(Available data)

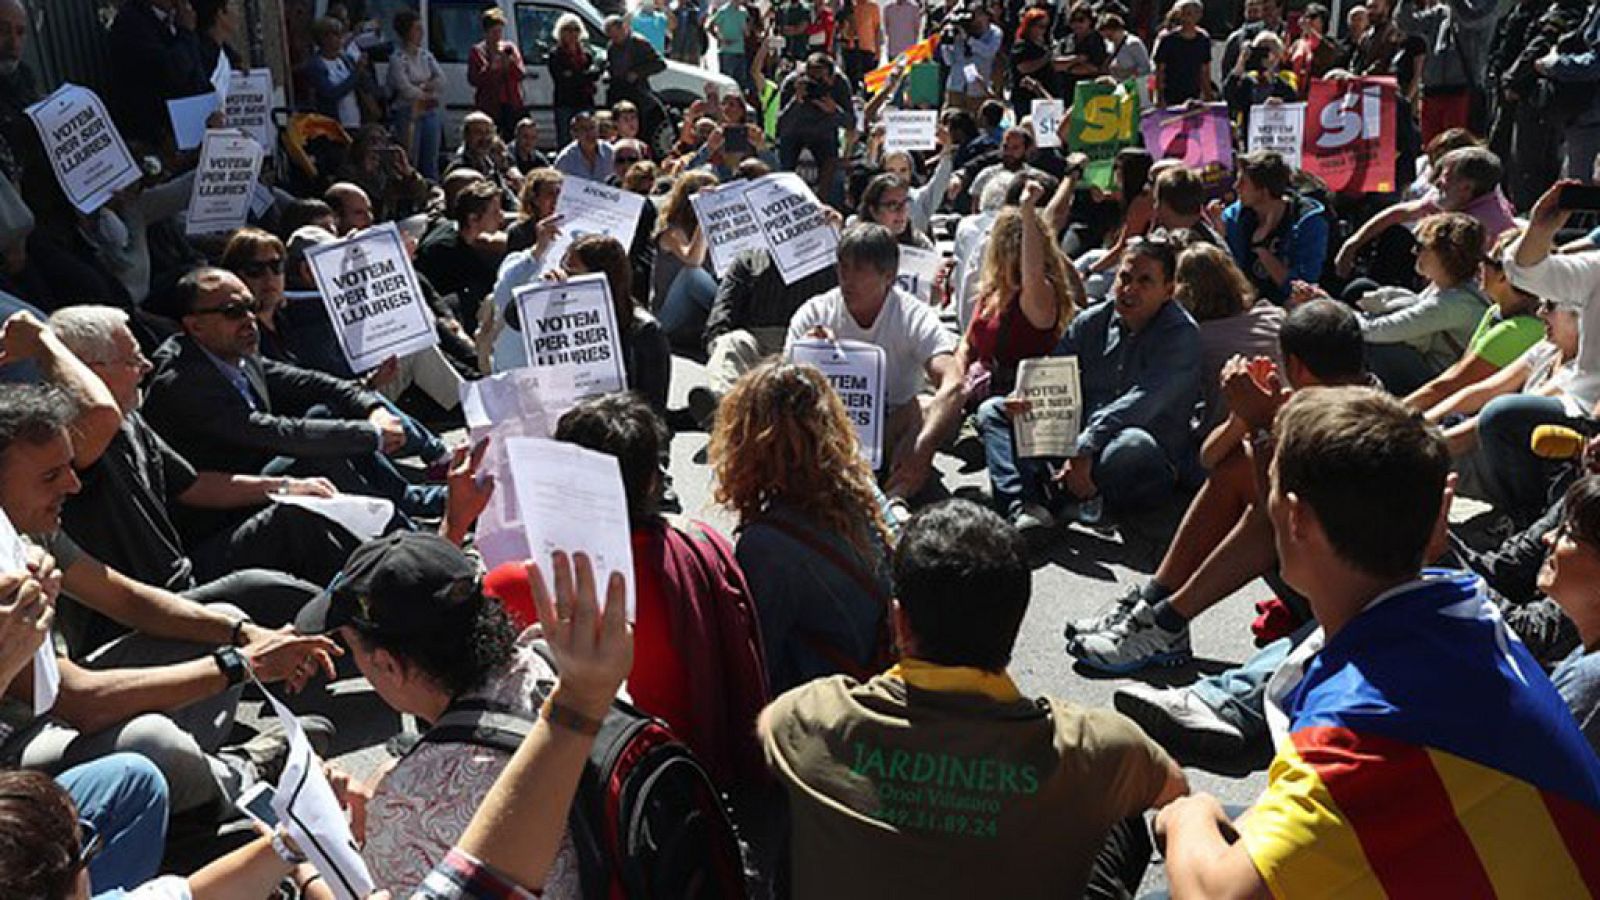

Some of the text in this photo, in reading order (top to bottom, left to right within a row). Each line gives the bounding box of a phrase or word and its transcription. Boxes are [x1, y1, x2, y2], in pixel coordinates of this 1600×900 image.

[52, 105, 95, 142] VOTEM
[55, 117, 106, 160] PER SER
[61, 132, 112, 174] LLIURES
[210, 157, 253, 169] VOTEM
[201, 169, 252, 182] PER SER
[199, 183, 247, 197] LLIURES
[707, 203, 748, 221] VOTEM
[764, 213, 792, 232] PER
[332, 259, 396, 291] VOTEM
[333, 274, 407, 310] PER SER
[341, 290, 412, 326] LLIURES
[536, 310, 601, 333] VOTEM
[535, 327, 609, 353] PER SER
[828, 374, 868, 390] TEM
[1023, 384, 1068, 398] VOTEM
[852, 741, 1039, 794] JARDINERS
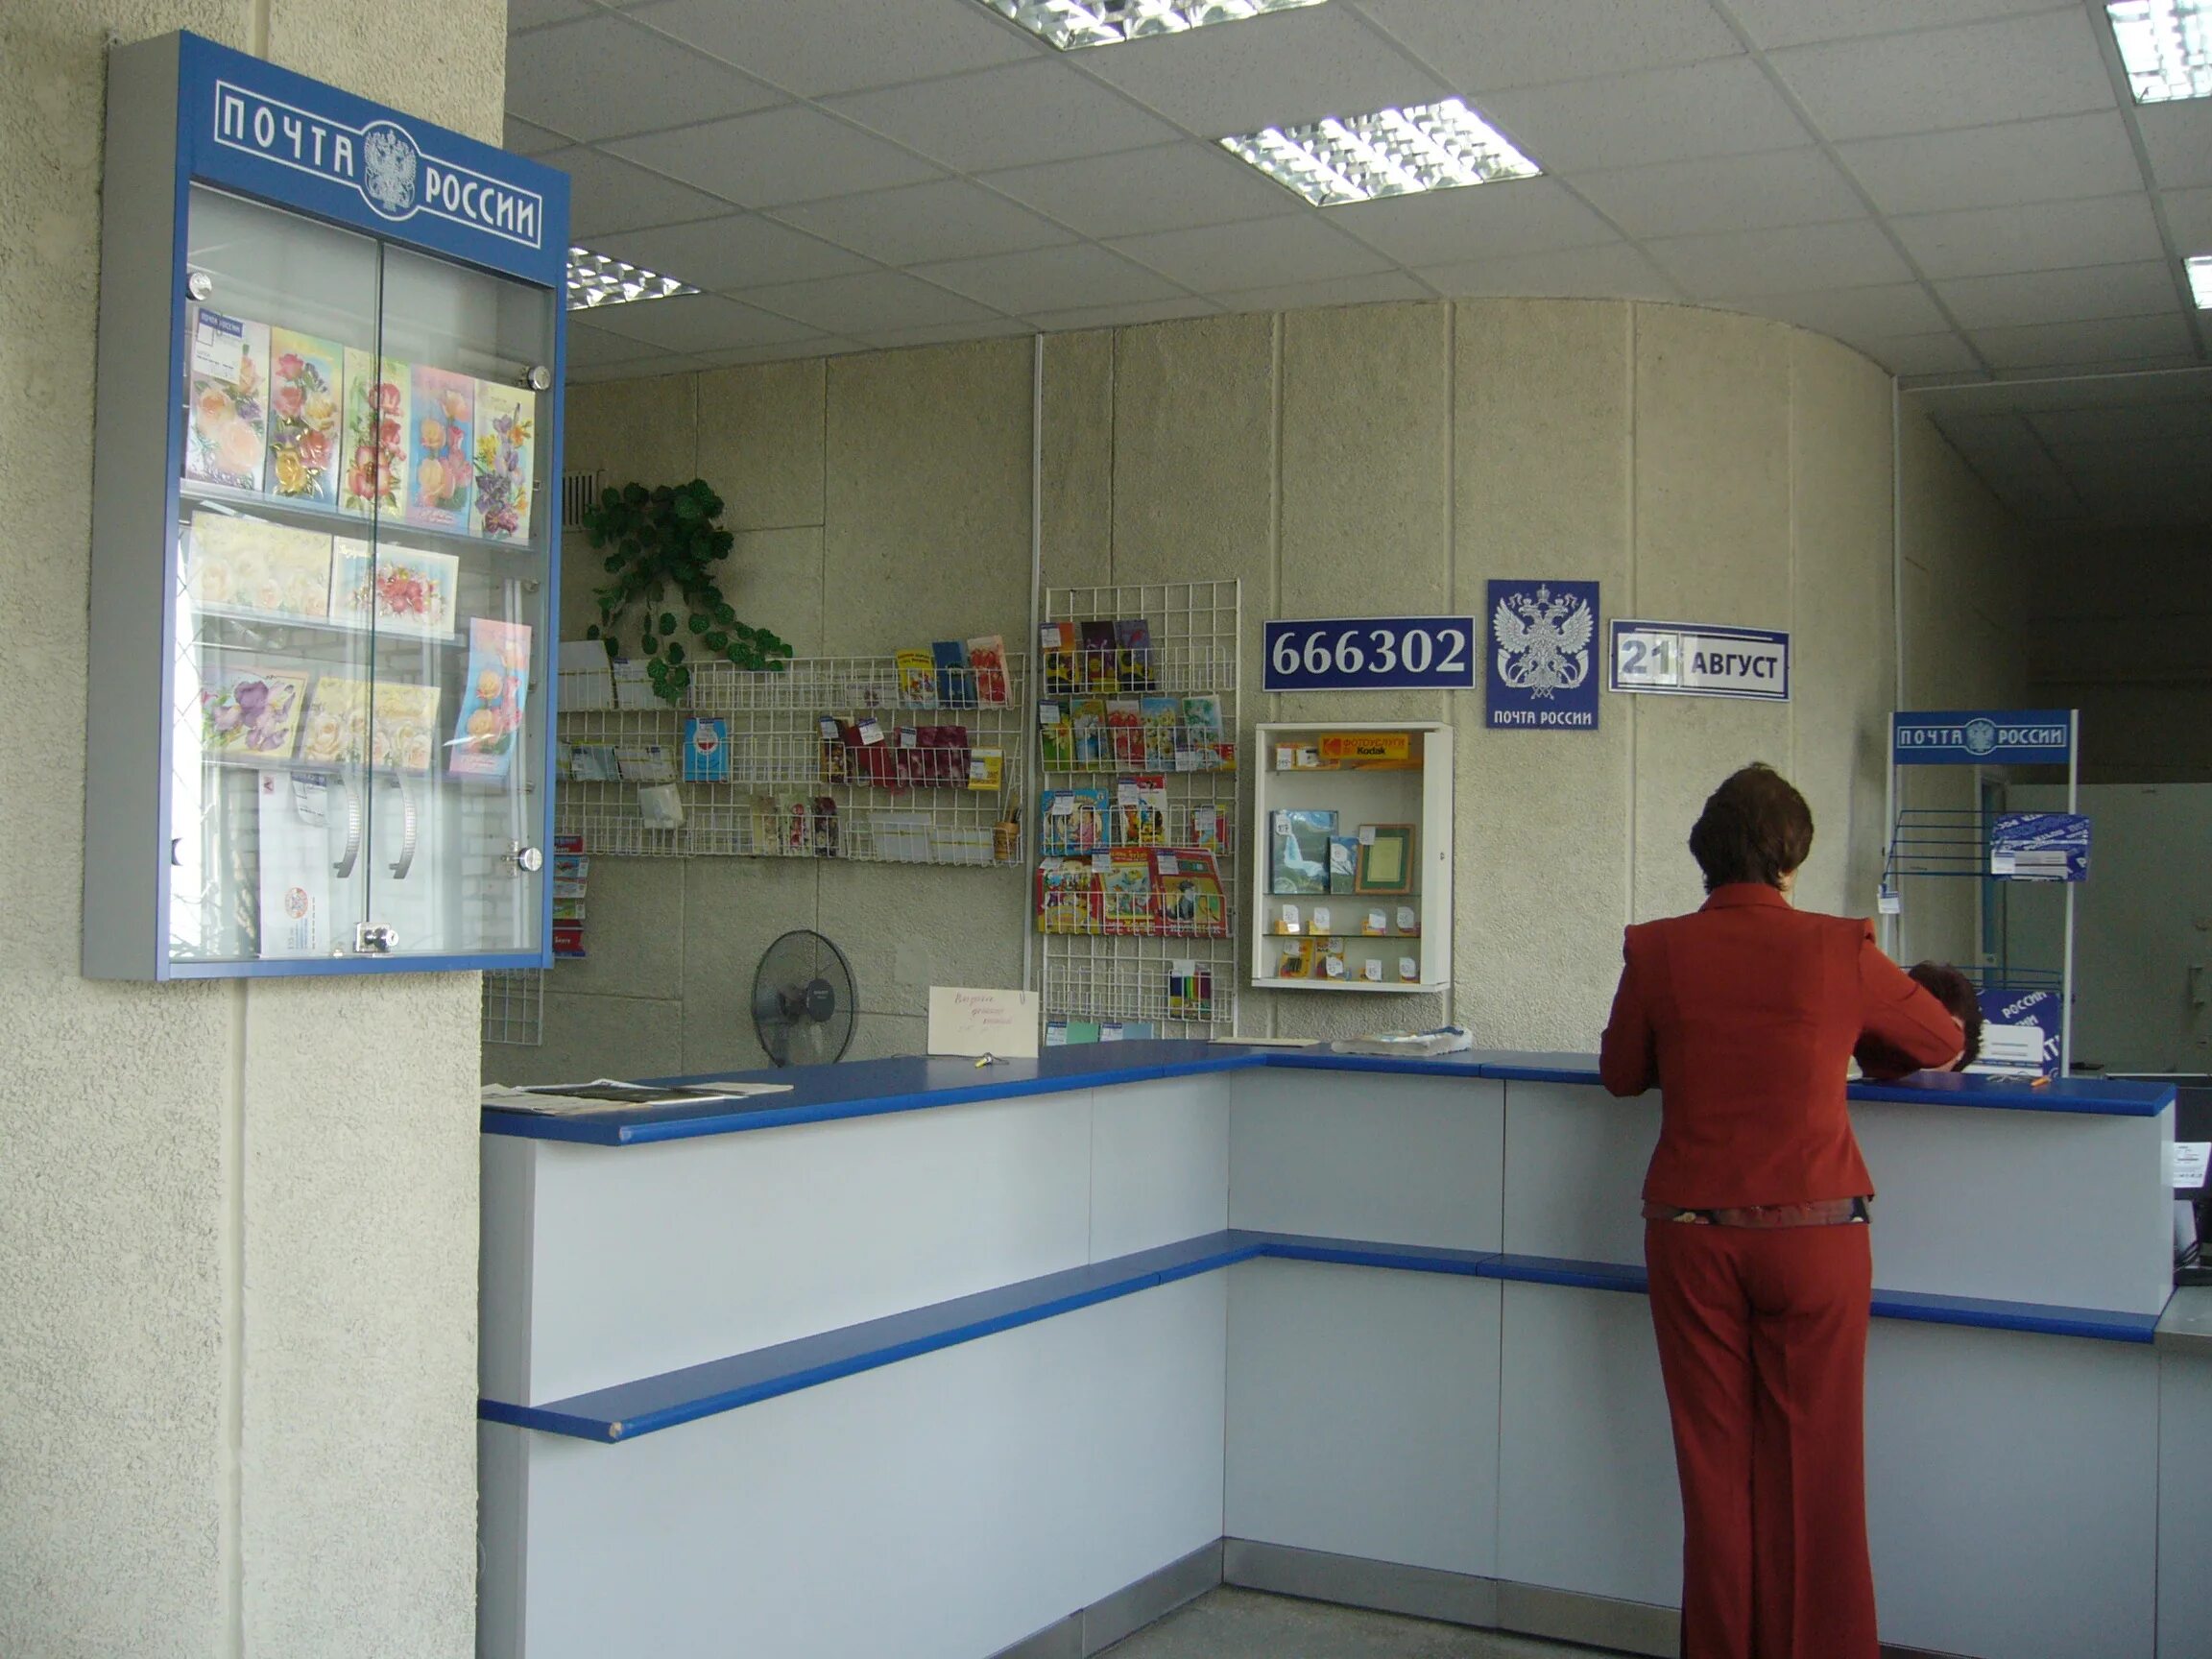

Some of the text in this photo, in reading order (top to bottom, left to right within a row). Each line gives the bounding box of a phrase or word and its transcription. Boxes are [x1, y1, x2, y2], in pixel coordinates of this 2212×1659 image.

(End Available data)

■ What to work on: Every entry should be returned exactly as written, minus the pictures.

■ Answer section:
Some of the text in this photo, in reading order (top to bottom, left to right within a row). Each line gives the bounding box of a phrase or word and its transcription. Boxes are [x1, y1, x2, y2], in pixel coordinates of this 1600×900 image.

[52, 105, 95, 142] VOTEM
[55, 117, 106, 160] PER SER
[61, 132, 112, 174] LLIURES
[210, 157, 253, 169] VOTEM
[201, 169, 252, 182] PER SER
[199, 183, 247, 197] LLIURES
[707, 203, 748, 221] VOTEM
[764, 213, 792, 232] PER
[332, 259, 396, 291] VOTEM
[333, 274, 407, 310] PER SER
[341, 290, 412, 326] LLIURES
[536, 310, 601, 333] VOTEM
[535, 327, 609, 353] PER SER
[828, 374, 868, 390] TEM
[1023, 384, 1068, 398] VOTEM
[852, 741, 1039, 794] JARDINERS

Some of the text in this photo, in reading order (top to bottom, left to right within a row). Each line gives the bounding box of a phrase or word and its transcription. Boxes are [x1, y1, x2, y2], in pixel coordinates of this 2212×1659 image.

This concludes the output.